Arrays are reference types, meaning that if you assign one array to another variable, they both point to the same place in memory. Mutate one, and you mutate both.

const a = [1, 2];
const b = a;
b.push(3);
console.log(a); // [1, 2, 3]

Also, understanding this inside classes helps prevent weird bugs. In JavaScript, this refers to who called the function, not necessarily where it’s defined. Arrow functions, however, inherit this from their surrounding scope—a subtle but crucial distinction when designing reusable data structures or classes.


Exercise 1: Reverse a String

A classic warm-up problem that’s deceptively simple.

Prompt:

Reverse a string like this: “Hi My Name is Alex” → “xelA si emaN yM iH”

Approach 1 — Manual Loop

function reverse(str) {
  if (!str || typeof str !== 'string' || str.length < 2) return str;
  const backwards = [];
  for (let i = str.length - 1; i >= 0; i--) {
    backwards.push(str[i]);
  }
  return backwards.join('');
}

Approach 2 — Built-in Methods

function reverse(str) {
  return str.split('').reverse().join('');
}

Approach 3 — ES6 One-liner

const reverse = str => [...str].reverse().join('');

All three have the same O(n) time complexity—but showcasing multiple solutions in interviews shows flexibility and depth.


Exercise 2: Merge Two Sorted Arrays

Another staple interview problem: merging two sorted arrays into one sorted array.

Example: [0,3,4,31] and [4,6,30] → [0,3,4,4,6,30,31]

Solution:

function mergeSortedArrays(arr1, arr2) {
  if (arr1.length === 0) return arr2;
  if (arr2.length === 0) return arr1;

  const merged = [];
  let i = 0, j = 0;

  while (i < arr1.length && j < arr2.length) {
    if (arr1[i] < arr2[j]) {
      merged.push(arr1[i]);
      i++;
    } else {
      merged.push(arr2[j]);
      j++;
    }
  }
  return merged.concat(arr1.slice(i)).concat(arr2.slice(j));
}

This algorithm runs in O(n + m) time and is an excellent example of pointer logic, a foundational technique for many more advanced problems (like merging linked lists or sorted intervals).


Wrapping Up—Why Arrays Still Matter

Arrays might feel basic, but mastering them means mastering memory, complexity, and logic.
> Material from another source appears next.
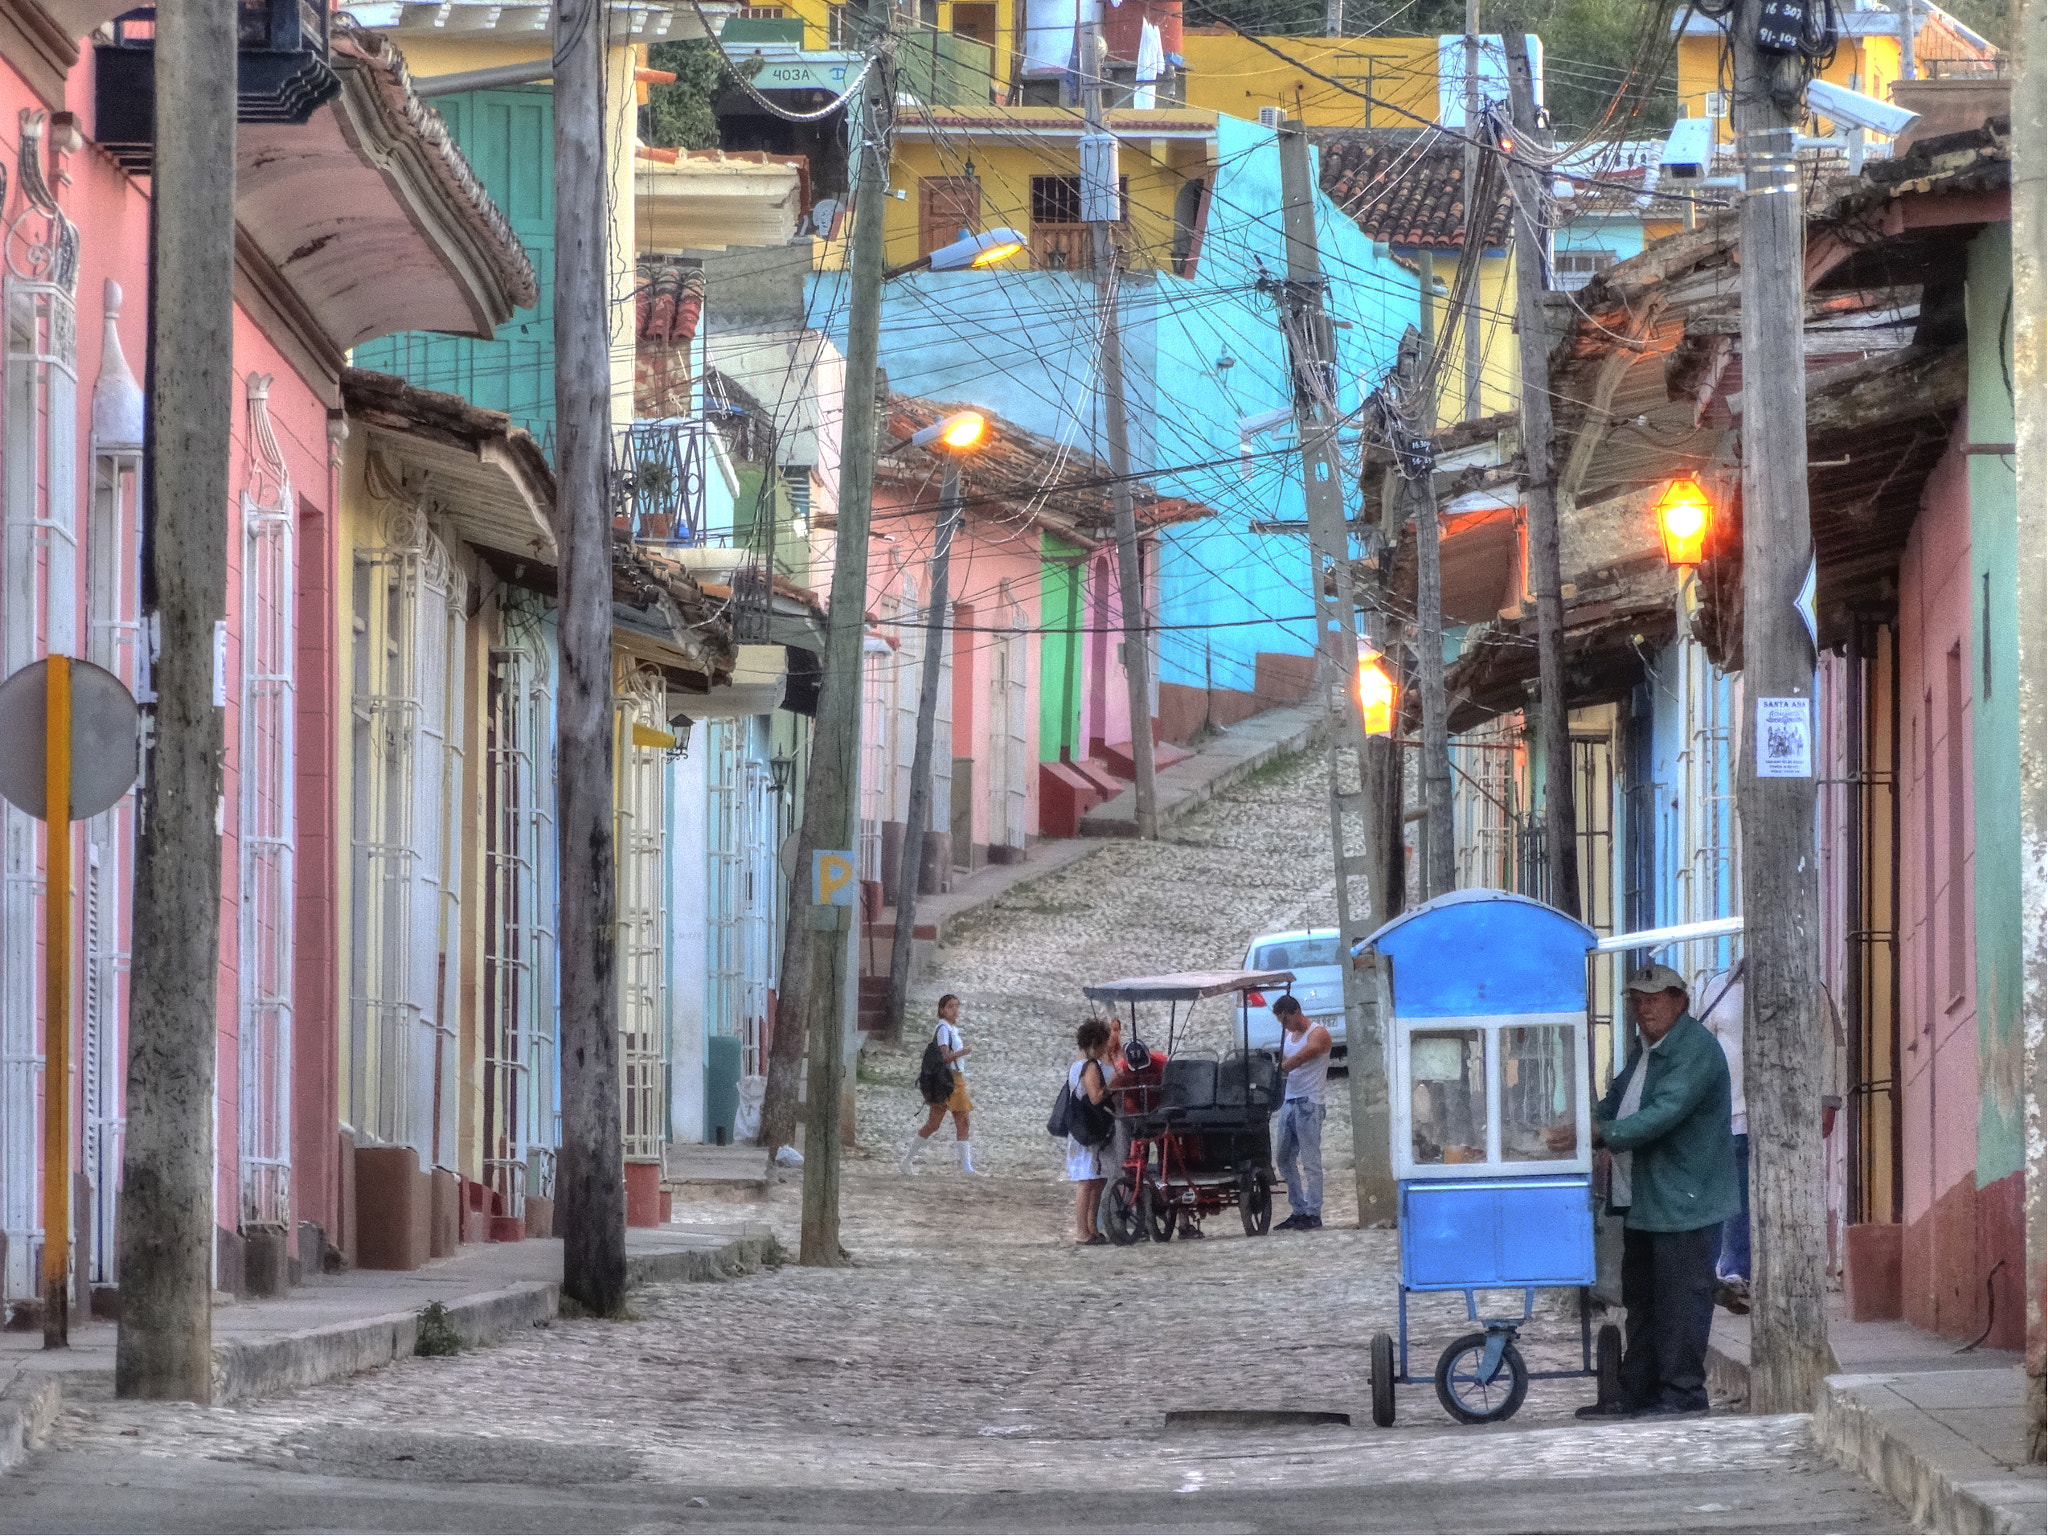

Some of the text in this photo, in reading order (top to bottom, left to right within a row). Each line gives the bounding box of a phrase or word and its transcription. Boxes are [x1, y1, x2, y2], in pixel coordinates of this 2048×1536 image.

[1765, 2, 1778, 15] 16
[773, 69, 810, 81] 403A
[819, 854, 854, 905] P
They’re a microcosm of how computers think—linear, efficient, and structured.

Every time you push(), splice(), or even write a for loop, you’re working with the same principles that power modern algorithms. And as you move on to more complex data structures—linked lists, stacks, trees—you’ll keep finding that arrays are the foundation of it all.


Final Thought:

If you can implement, explain, and optimize arrays confidently, you’ve already crossed the first big hurdle of algorithmic thinking. Everything else builds from here.